Juan Carlos rompió en lágrimas al ver a su
hermano abatido por una bala. No se
hizo autopsia ni tampoco se abrió ningún tipo de investigación. Era
sábado en Estoril y los dos hermanos estaban solos en la sala de
juegos de la mansión para hacer algunos disparos contra un blanco
circular de colores brillantes. De repente, Alfonsito recibió un
disparo. El arma estaba en manos de su hermano Juan Carlos. "La
única bala que contenía, entró limpiamente por uno de los orificios
de la nariz". El padre intentó reanimarlo sin éxito.
Lo cubrió con una bandera española que arrancó
de su mástil, después obligar a Juan Carlos a que, puesto de
rodillas, jurara que había sido un accidente.
La
noticia fue silenciada por el régimen del dictador, que mantenía a
los Borbones lejos de España, también por la prensa portuguesa,
sometida a la dictadura del general Salazar. Los nobles de España,
monárquicos de corazón, callaron en torno al misterio. Resultaba tan
duro reconocer la verdad, aceptar que aquello había sido "un
accidente", que todos se afanaron en cubrir el episodio con un
piadoso y espeso manto de silencio. Juan de Borbón perdía un hijo
adolescente y nunca recibió el pésame del dictador.
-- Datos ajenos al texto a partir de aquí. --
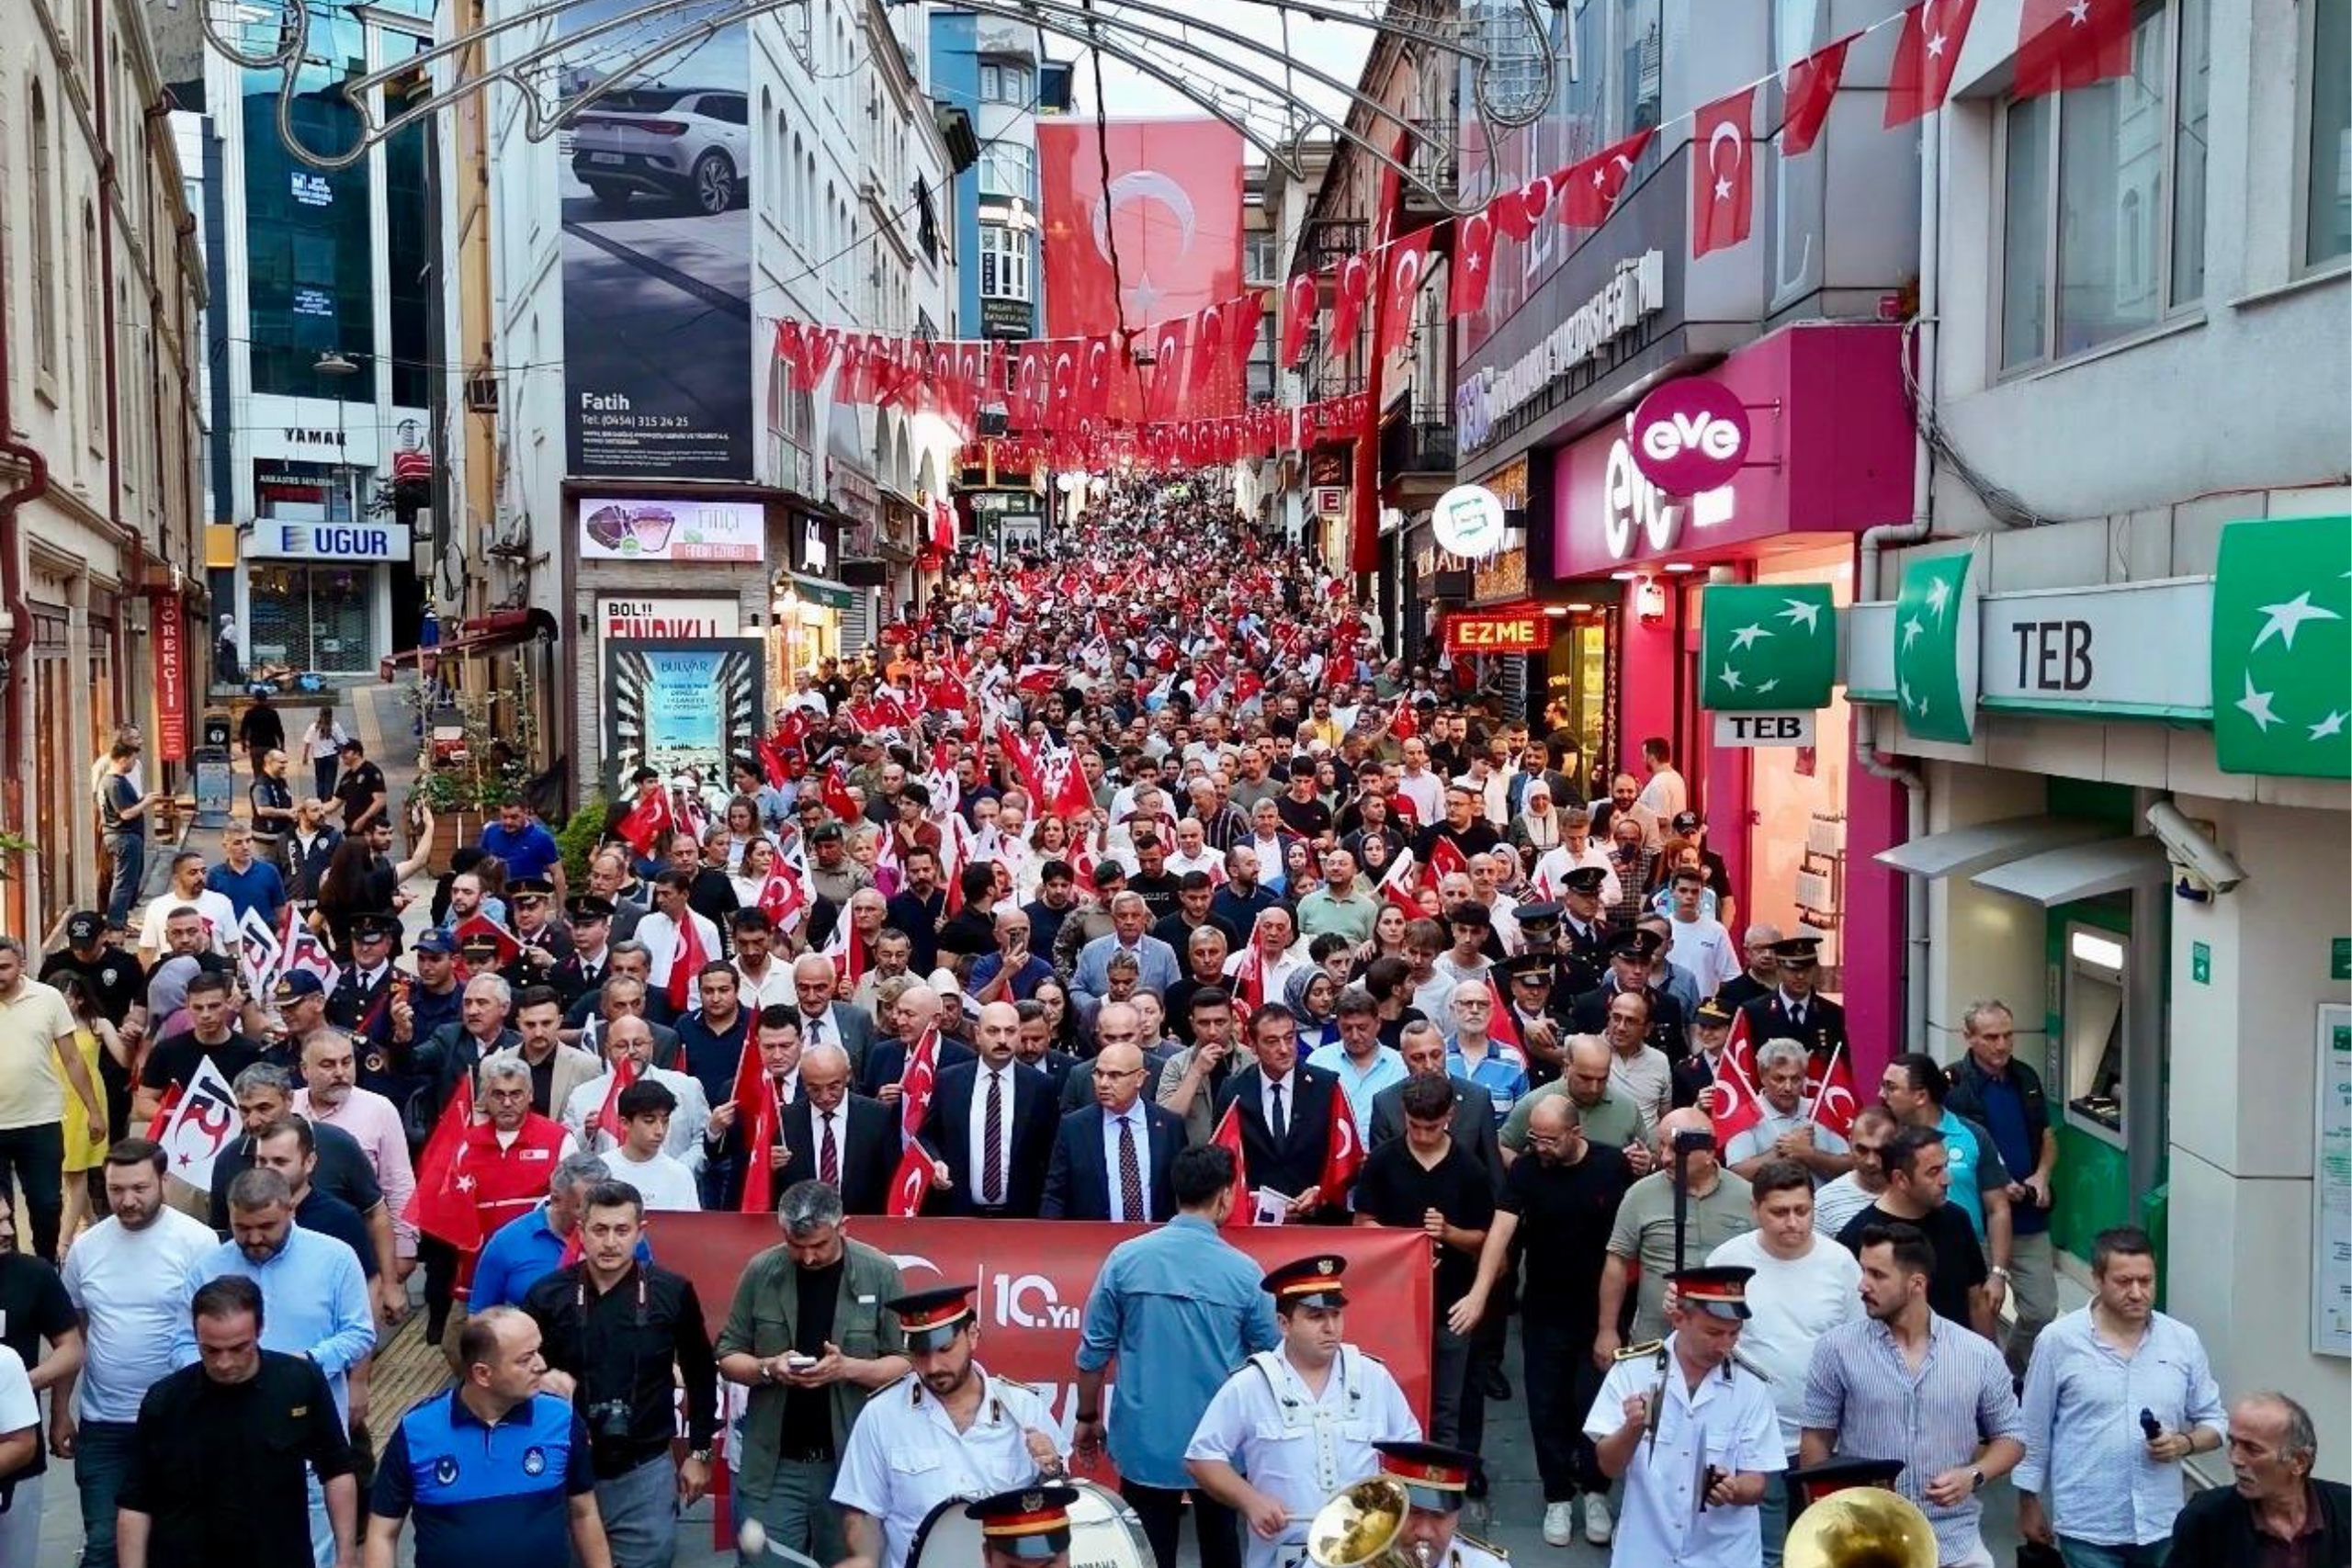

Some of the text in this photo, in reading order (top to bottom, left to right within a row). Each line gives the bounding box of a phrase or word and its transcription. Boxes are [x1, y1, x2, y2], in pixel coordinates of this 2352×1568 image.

Comentando la
tragedia con un monárquico, Franco dijo sin compasión: "A la gente
no le gustan los príncipes con mala suerte".
Todo
cabe, incluso la versión del accidente; lo cierto es que Juan
Carlos de Borbón fue autor de un acto grave de irresponsabilidad.
Como alumno de la Academia Militar de Zaragoza, tenía conocimiento
de armas y con 18 años de edad, se supone que sentido común; pese a
todo practicó un juego macabro que mató a su hermano.
Alfonso
yació olvidado durante años en el cementerio portugués de Cascáis.
Su cuerpo fue trasladado al Monasterio de El Escorial en 1992. Hoy,
Juan Carlos es el único testigo vivo de la misteriosa tragedia.